Paula

Hablemos de amor: la familia de tres que elegí

Constanza tiene una familia tradicional, con sus padres y dos hermanos, pero hoy su núcleo se conforma de la familia que eligió: sus dos mejores amigos que actualmente están casados.

Ilustración: Silvia Caracuel

Vengo de una familia tradicional. Una mamá, un papá, dos hermanos. Nos queremos, nos peleamos, nos arreglamos. Hay cariño, valores compartidos, una historia en común. Es una familia hermosa. Pero no es de esa familia de la que quiero hablar hoy.

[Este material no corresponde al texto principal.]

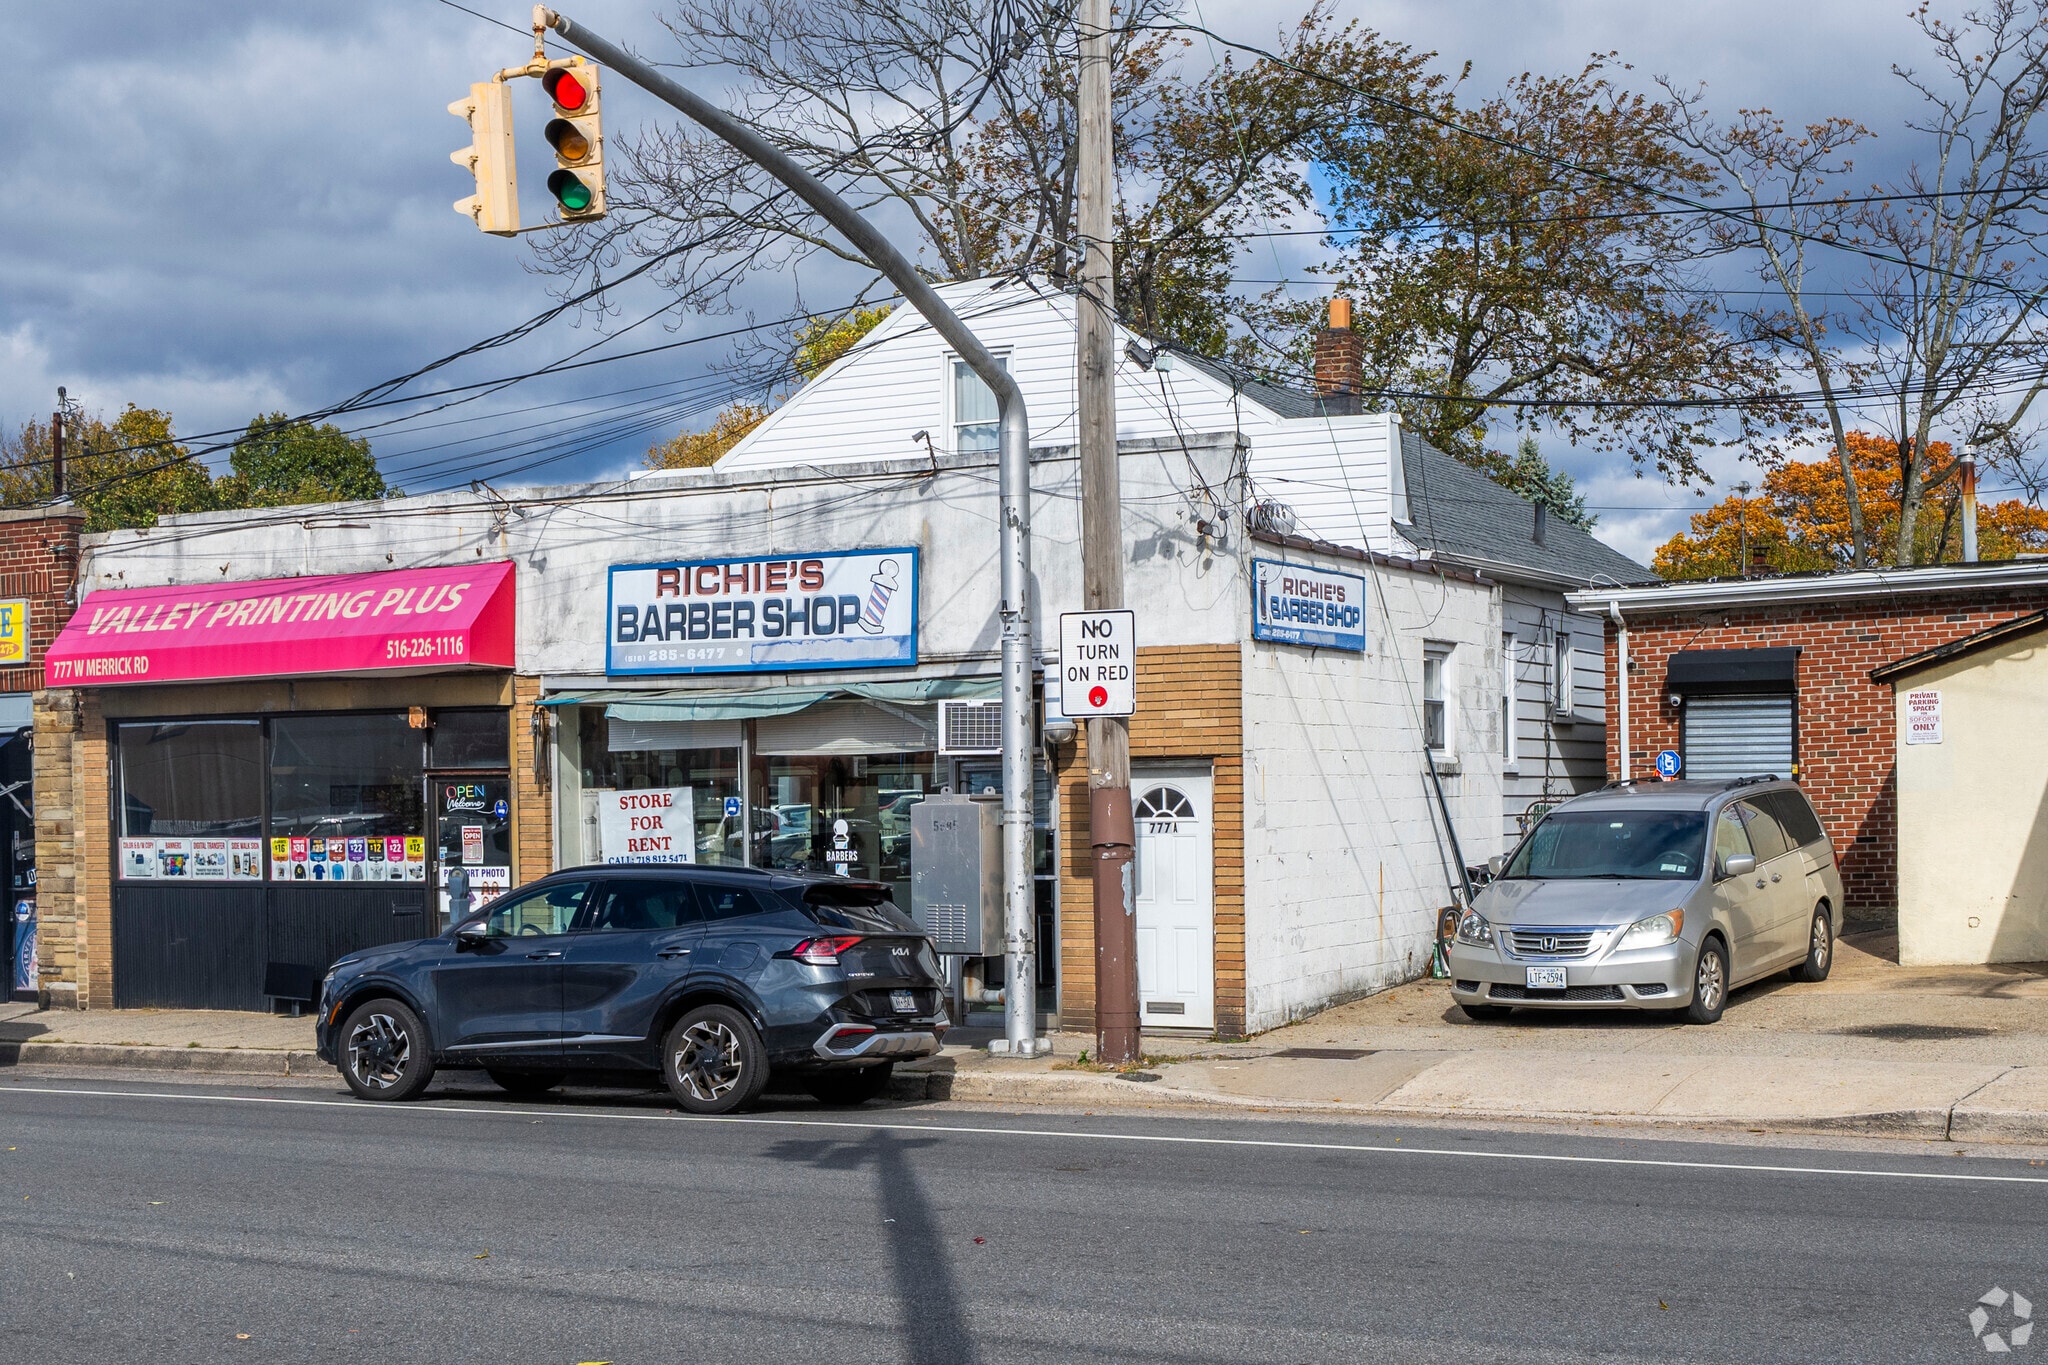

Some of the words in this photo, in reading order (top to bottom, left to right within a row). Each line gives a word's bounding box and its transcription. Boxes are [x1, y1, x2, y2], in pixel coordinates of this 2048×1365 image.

[656, 560, 825, 599] RICHIE'S
[1283, 577, 1346, 602] RICHIE'S
[87, 601, 213, 635] VALLEY
[206, 590, 376, 629] PRINTING
[371, 583, 471, 617] PLUS
[1270, 595, 1324, 626] BARBER
[1326, 602, 1360, 629] SHOP
[617, 600, 756, 643] BARBER
[762, 595, 862, 638] SHOP
[1081, 618, 1113, 639] NO
[386, 636, 464, 659] 516-226-1116
[648, 647, 726, 662] 285-6477
[1077, 644, 1119, 660] TURN
[53, 660, 72, 679] 777
[73, 659, 85, 678] W
[86, 656, 132, 676] MERRICK
[134, 655, 149, 674] RD
[1068, 666, 1089, 682] ON
[1098, 665, 1129, 681] RED
[1908, 698, 1939, 706] PARKING
[1912, 723, 1936, 731] ONLY
[446, 785, 485, 798] OPEN
[620, 793, 673, 810] STORE
[630, 815, 664, 831] FOR
[350, 844, 363, 852] $22
[370, 844, 381, 852] $12
[390, 844, 402, 852] $22
[628, 836, 672, 852] RENT
[636, 855, 651, 864] 718
[652, 854, 667, 863] 812
[668, 853, 688, 863] 5471
[826, 850, 858, 862] BARBERS
[481, 868, 505, 878] PHOTO
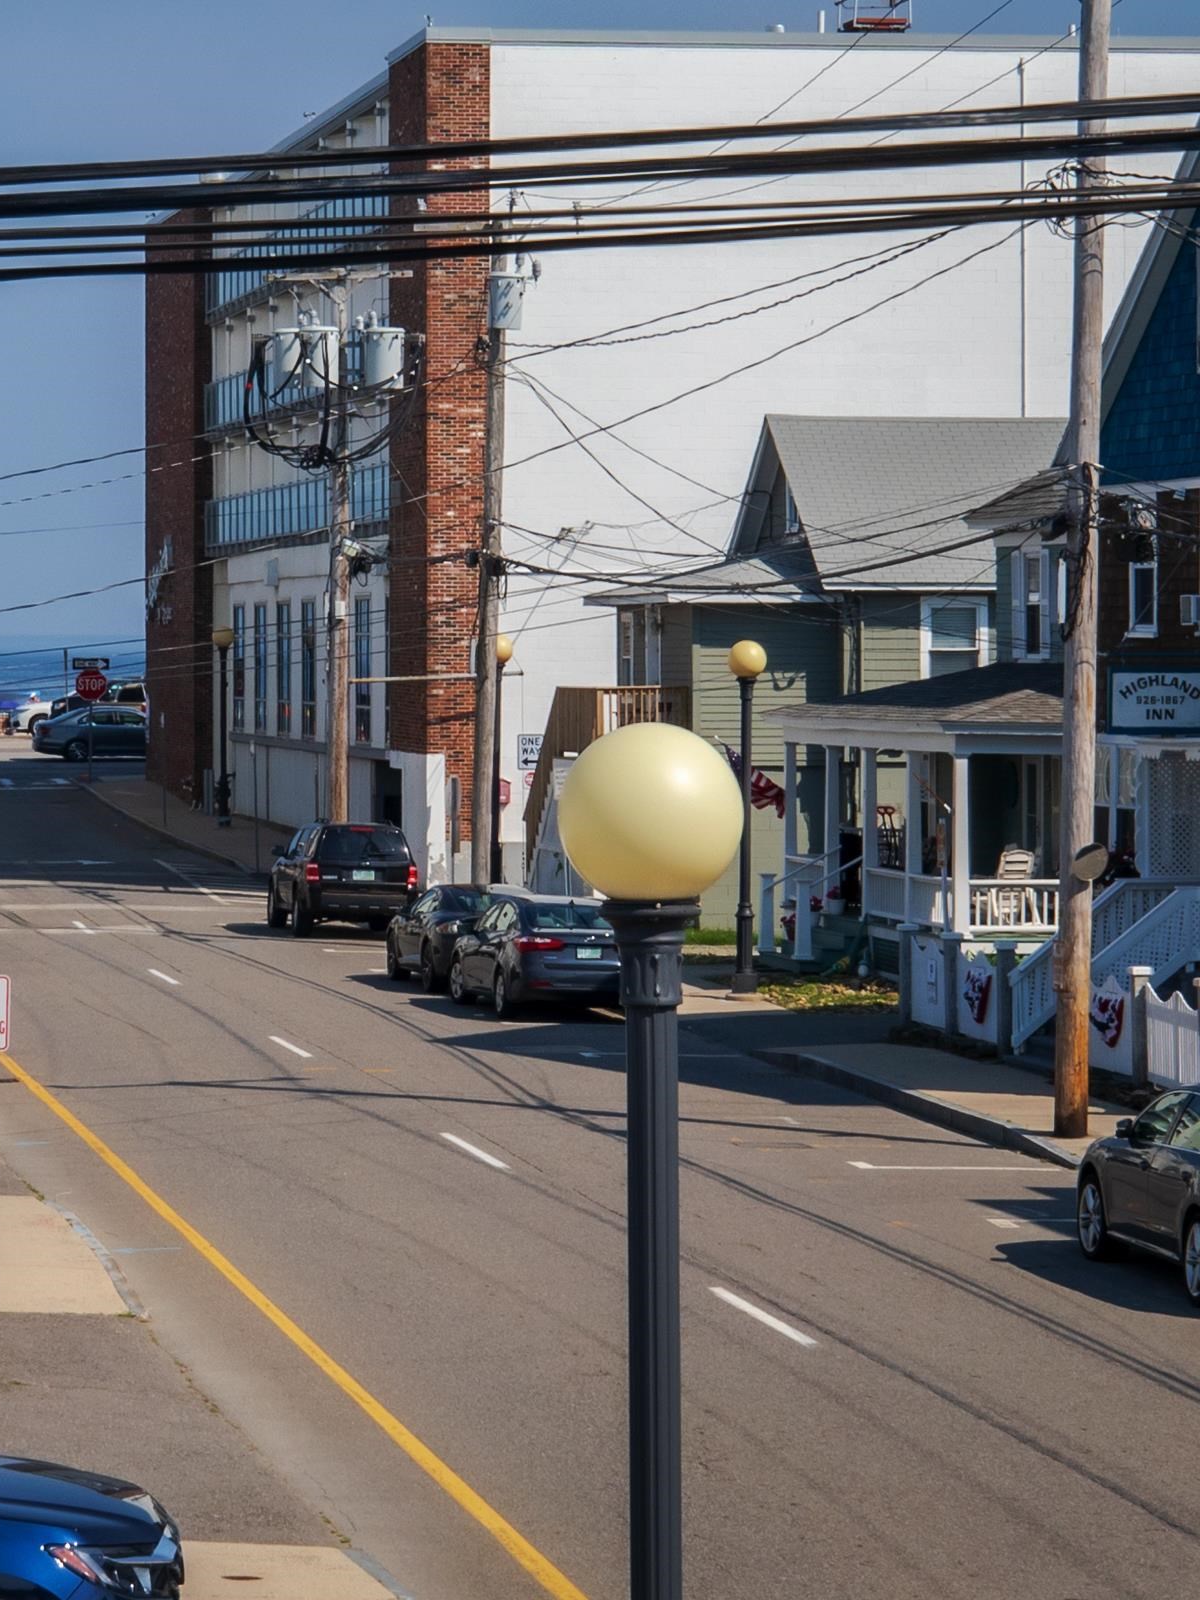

Esta vez quiero hablar de la que sí elegí: mi núcleo más íntimo. Mi casa simbólica. Está formada por mis dos mejores amigos: Carolina y Matías.

Con Carolina nos conocimos en segundo medio. En el colegio apenas cruzábamos palabras, pero bastaba salir al recreo, a la calle, para volvernos inseparables. A Matías lo conocí un poco después, en cuarto medio. Era el “jefe de cuadrilla” y me enseñaba matemáticas. Nunca hubo tensión romántica entre nosotros: fuimos, desde el principio, una amistad pura.

Cuando teníamos 17, Carolina no tenía pareja para la fiesta de graduación. Yo, que acababa de conocer a Matías, decidí presentarlos. El flechazo fue inmediato. Y así comenzó una historia que hasta el día de hoy sigue creciendo.

Con los años, nuestra amistad a tres bandas se volvió un lazo indisoluble. No era fácil de entender desde fuera. ¿Cómo podía ser yo tan cercana a una pareja? ¿Y cómo ellos, como pareja, tener conmigo una relación tan distinta y al mismo tiempo tan profunda? Cada uno vivía con sus papás, pero yo sabía que, en ambas casas, tenía una cama lista y una taza de té servida.

Mientras ellos crecían juntos, yo cambiaba de pareja, de carrera, de rumbo. Pero ellos seguían ahí, acompañándome con sus consejos —siempre diferentes entre sí, pero igual de certeros—, sin importar en qué etapa de la vida estuviéramos. A pesar de las diferencias, siempre nos mantuvimos en la misma frecuencia emocional.

En 2017, se comprometieron. Sentí una alegría profunda: mis dos personas favoritas elegían caminar la vida juntos. Fui su testigo de matrimonio. Los vi mirarse con amor y también con esa complicidad que yo conocía tan bien. La misma con la que, desde hace años, de alguna manera también me miraban a mí.

Pero la vida, como siempre, también trajo dolor. En 2019, viví el año más duro de mi vida: a mis padres les diagnosticaron cáncer, y yo, completamente desorientada, me refugié en ellos. Una vez me quedé a dormir en su casa y Carolina, en lugar de acostarse con su marido, se metió en mi cama. “En este minuto tú nos necesitas más”, me dijo. Y fue cierto.

Lo más difícil no fue convivir con ese amor, sino explicarlo. Mis parejas no lo entendían. Muchas veces querían acompañarme a verlos. “Obvio, vamos los cuatro”, decían. Pero yo no quería eso. Quería estar con mis amigos. Sentía que con ellos podía ser exactamente quien era, sin explicaciones.

También aprendí que no podía estar en todo. Que, aunque siempre me abrieron las puertas de su casa, ellos también eran una pareja con una vida propia. Y que a veces no había espacio para una tercera. Aprendí a preguntar antes de llegar. Y también, a no tomarlo como un rechazo.

En 2020, me mudé a Puerto Varas, justo antes de la pandemia. La distancia pesaba, pero al poco tiempo, ellos se trasladaron a Villarrica. Cuando me sentía sola, tomaba un bus y me iba a verlos. Y como siempre, ahí estaban: mi refugio, mi lugar seguro. Nunca fui “una extra”. Siempre fui parte.

Con los años llegaron sus hijas: mis sobrinas del alma. La primera, mi sol. La segunda, mi pollito. Me enamoré de ellas con una intensidad que no sabía que cabía en mí. La familia creció y, con ella, el amor.

Hoy, dieciséis años después de ese primer encuentro, me siguen eligiendo. ¿Soy la tercera en su relación? No. Somos tres. Una relación atípica, quizás, pero profundamente verdadera. Un hogar que armamos entre los tres, sin papeles ni reglas, solo con cariño, tiempo y presencia.

No todas las familias se heredan. Algunas se construyen. Esta, la mía, se hizo de amistad, lealtad y amor incondicional.